**The data:**
::::::

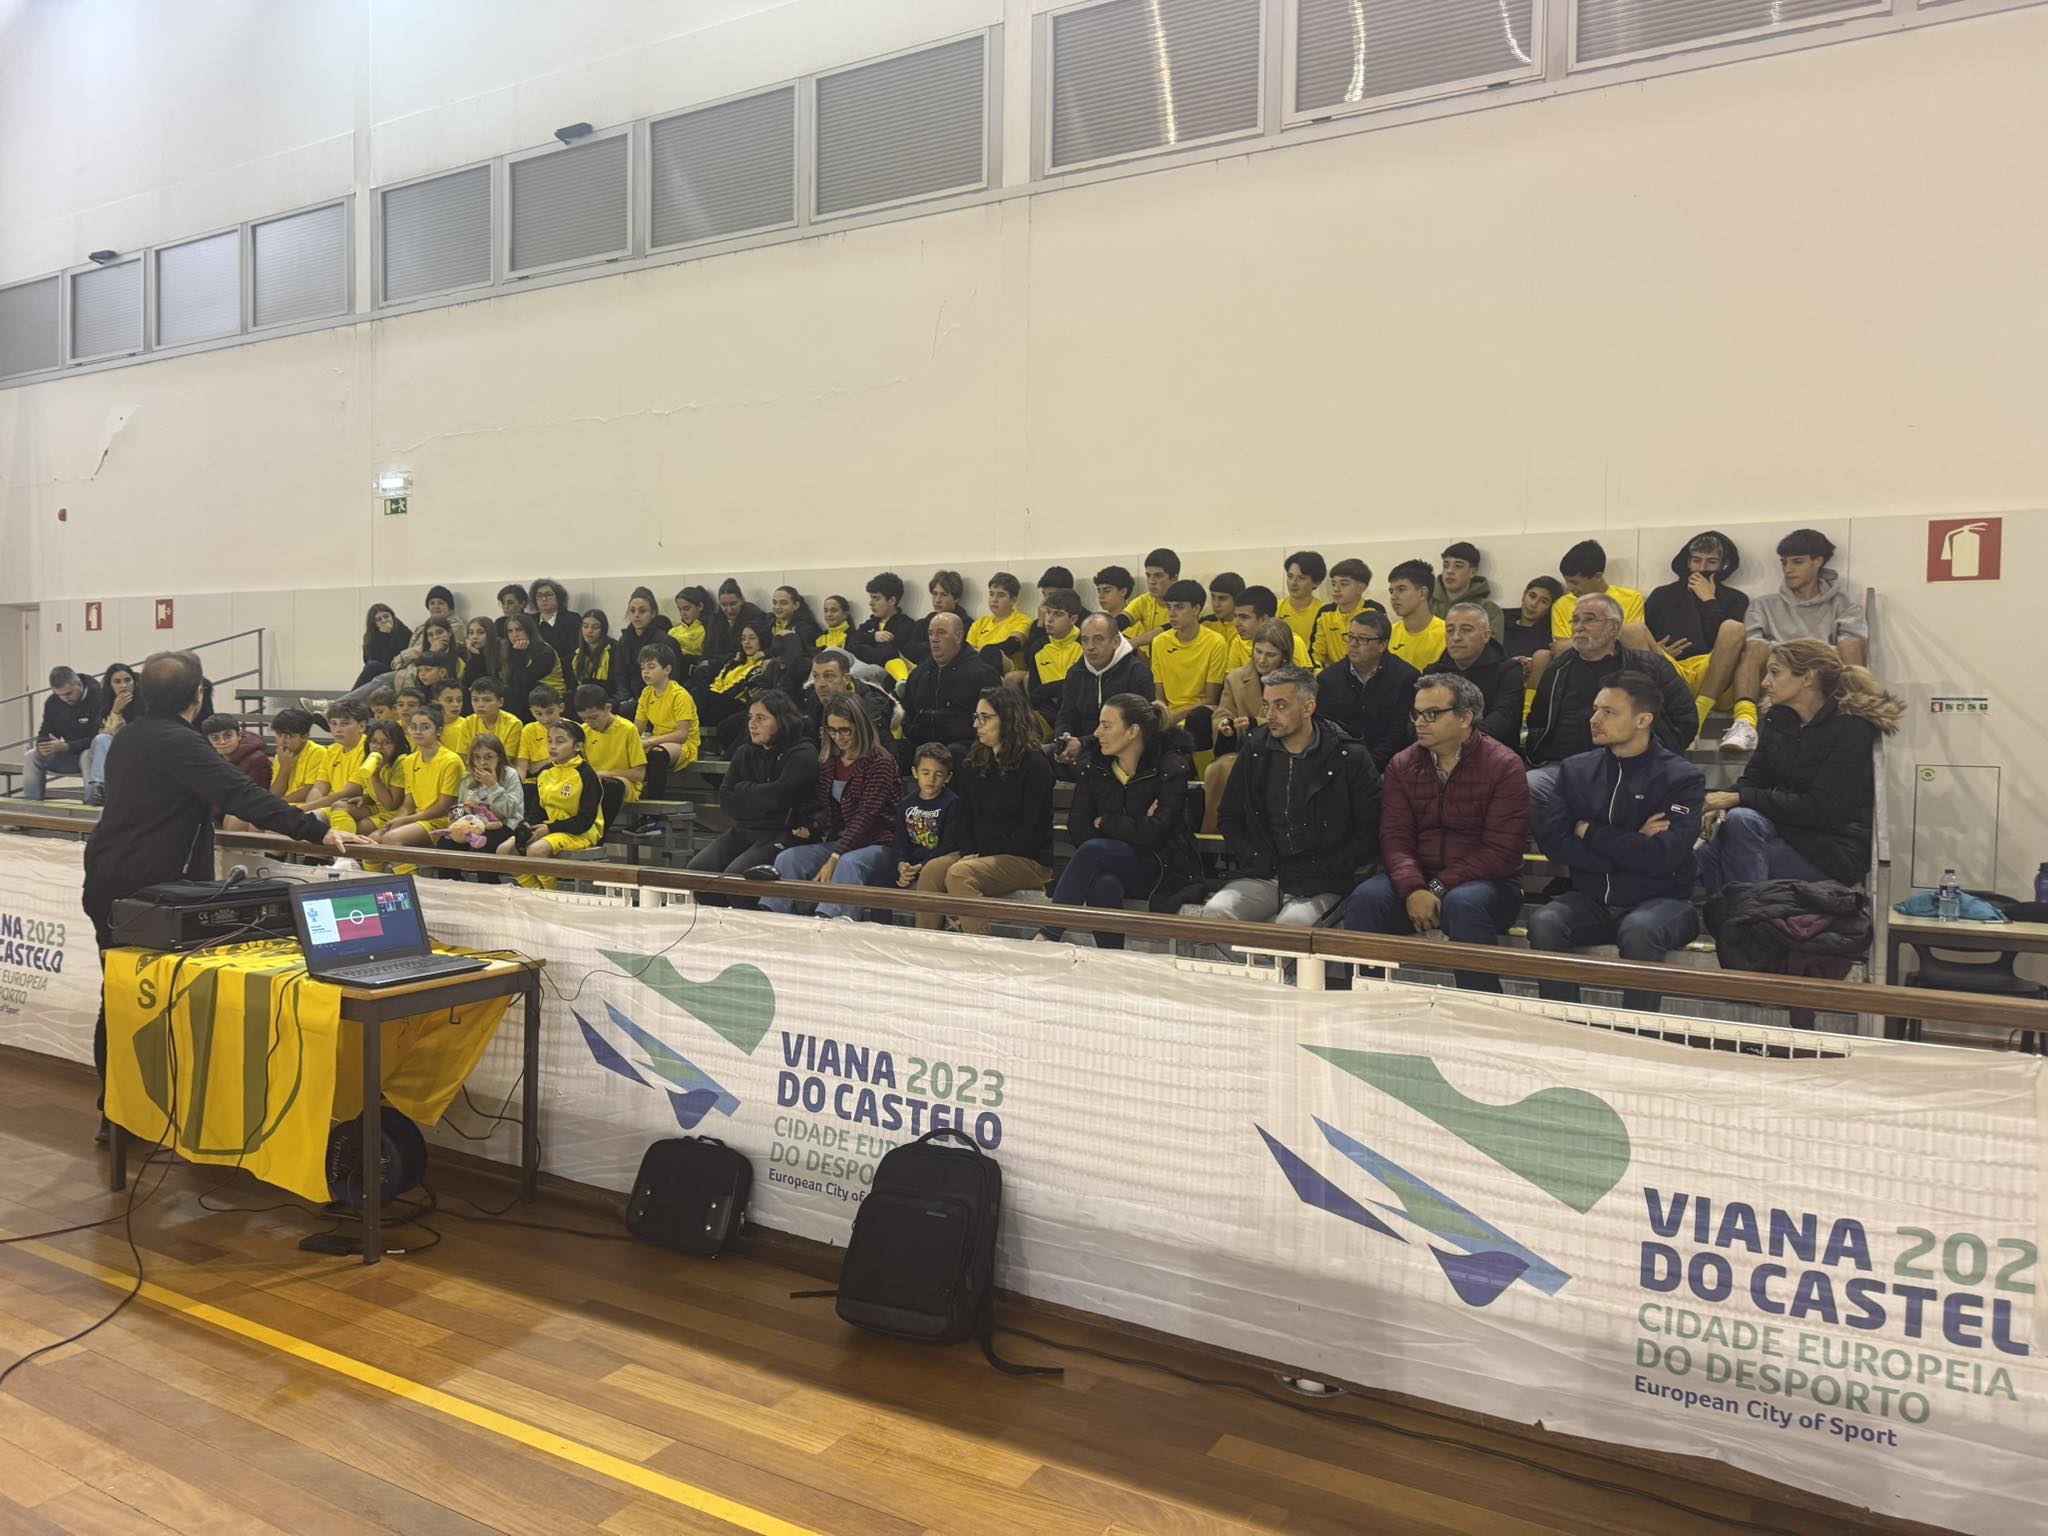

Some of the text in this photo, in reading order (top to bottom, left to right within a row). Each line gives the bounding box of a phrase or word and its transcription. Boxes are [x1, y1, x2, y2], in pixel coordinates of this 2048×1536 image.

[26, 919, 66, 947] 2023
[2, 969, 48, 991] EUROPEIA
[781, 1031, 1005, 1107] VIANA 2023
[774, 1116, 850, 1151] CIDADE
[777, 1071, 1002, 1150] DO CASTELO
[768, 1167, 822, 1193] European
[826, 1182, 849, 1202] City
[769, 1141, 875, 1185] DO DESPO
[1643, 1187, 1872, 1271] VIANA
[1640, 1241, 1733, 1302] DO
[1636, 1337, 1930, 1424] DO DESPORTO
[1637, 1302, 2018, 1401] CIDADE EUROPEIA
[1634, 1375, 1898, 1447] European City of Sport

::::::

**Activity:** Please transcribe every record above exactly as written, leaving out the pictures.

**Exercise result:**
Some of the text in this photo, in reading order (top to bottom, left to right within a row). Each line gives the bounding box of a phrase or word and its transcription. Boxes are [x1, y1, x2, y2], in pixel coordinates of this 2048×1536 image.

[26, 919, 66, 947] 2023
[2, 969, 48, 991] EUROPEIA
[781, 1031, 1005, 1107] VIANA 2023
[774, 1116, 850, 1151] CIDADE
[777, 1071, 1002, 1150] DO CASTELO
[768, 1167, 822, 1193] European
[826, 1182, 849, 1202] City
[769, 1141, 875, 1185] DO DESPO
[1643, 1187, 1872, 1271] VIANA
[1640, 1241, 1733, 1302] DO
[1636, 1337, 1930, 1424] DO DESPORTO
[1637, 1302, 2018, 1401] CIDADE EUROPEIA
[1634, 1375, 1898, 1447] European City of Sport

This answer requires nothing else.